Cuando fue al retrete, acusé a Joe de meter en la cesta de mamá todo lo que él había encontrado para luego decir que era de ella. Negó con la cabeza.
– Los ha encontrado ella sola. No sé cómo lo consigue, porque busca sin orden ni concierto.
Más tarde mamá me contó que había hecho un trato con Dios: si El le enseñaba dónde había curis, ella no volvería a poner en duda Su juicio, como había hecho tantas veces durante años con todas las muertes y deudas que había tenido que padecer.
– Debe de haberme escuchado -afirmó mamá-, porque no he tenido que esforzarme mucho para encontrarlas. Estaban en la playa, esperando a que las cogiera. No sé por qué armabas tanto jaleo cuando ibas a buscarlas, ni por qué necesitabas tanto tiempo. No es tan difícil encontrar curis.
Me entraron ganas de discutir con ella, pero no estaba en situación porque ya no iba a buscar curis. Y era verdad que cuando mamá salía a la playa siempre llenaba la cesta. Ya lo creo que tenía buen ojo, solo que no quería reconocerlo.
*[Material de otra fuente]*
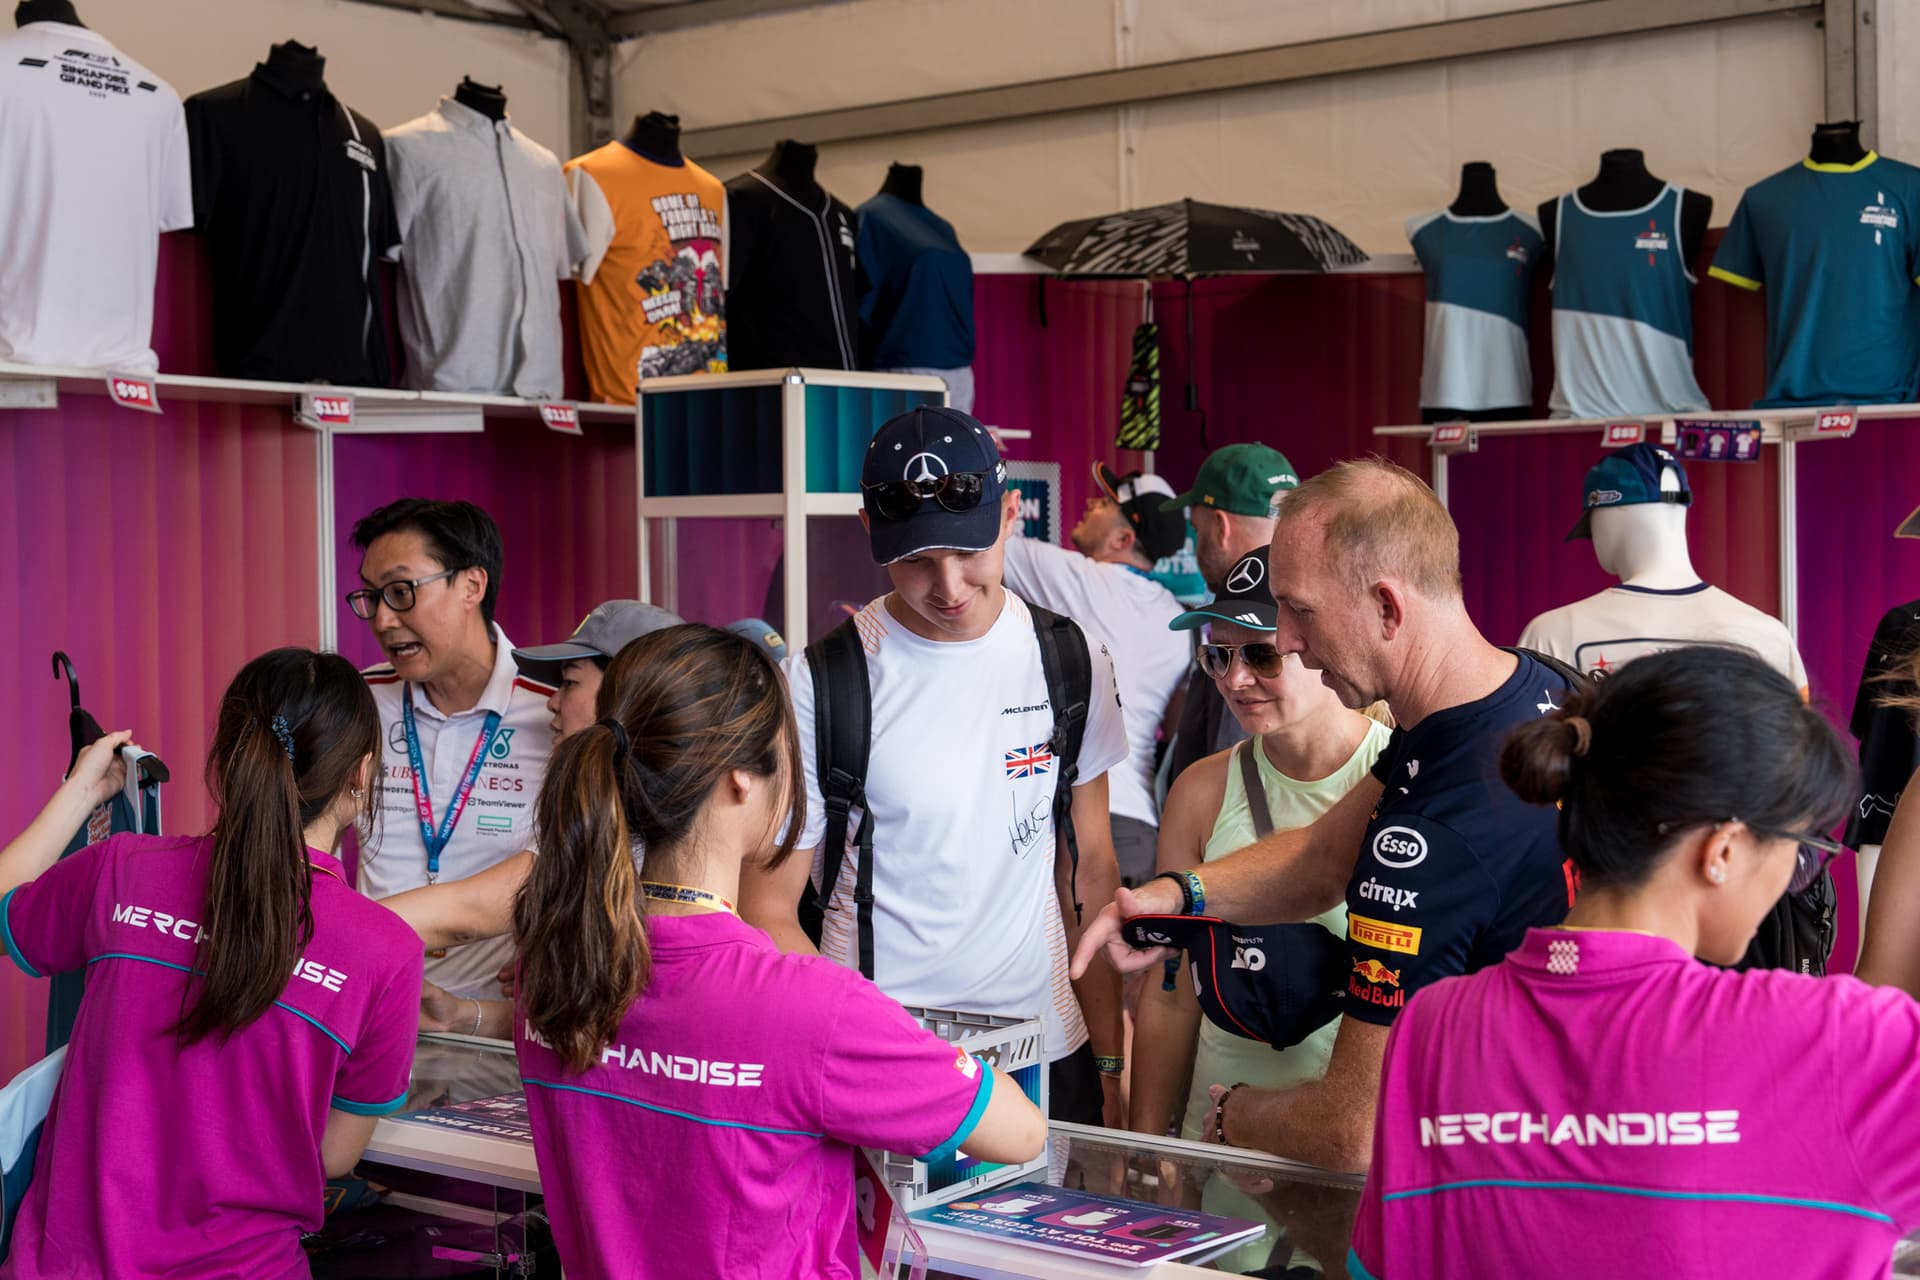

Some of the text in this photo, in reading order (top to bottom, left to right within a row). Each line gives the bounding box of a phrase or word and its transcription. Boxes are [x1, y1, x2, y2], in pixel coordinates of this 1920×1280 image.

Todo eso cambió el 12 de mayo de 1820. Yo estaba sentada detrás de nuestra mesa en Cockmoile Square, enseñando lirios de mara una pareja de Bristol, cuando vino un chico con un paquete para Joe. Quería un chelín a cambio, pues era más grande que una carta normal. Yo no tenía ningún chelín y estaba a punto de despachar al muchacho cuando vi la letra que había estado esperando todos aquellos meses. Conocía su letra porque, de la misma forma que la señorita Elizabeth me había enseñado a mí, yo le había enseñado a él a escribir etiquetas de los especímenes que encontraba: una descripción de la pieza, el nombre científico si se sabía, dónde y cuándo lo había hallado, en qué capa de las rocas, y otros datos que podían resultar útiles.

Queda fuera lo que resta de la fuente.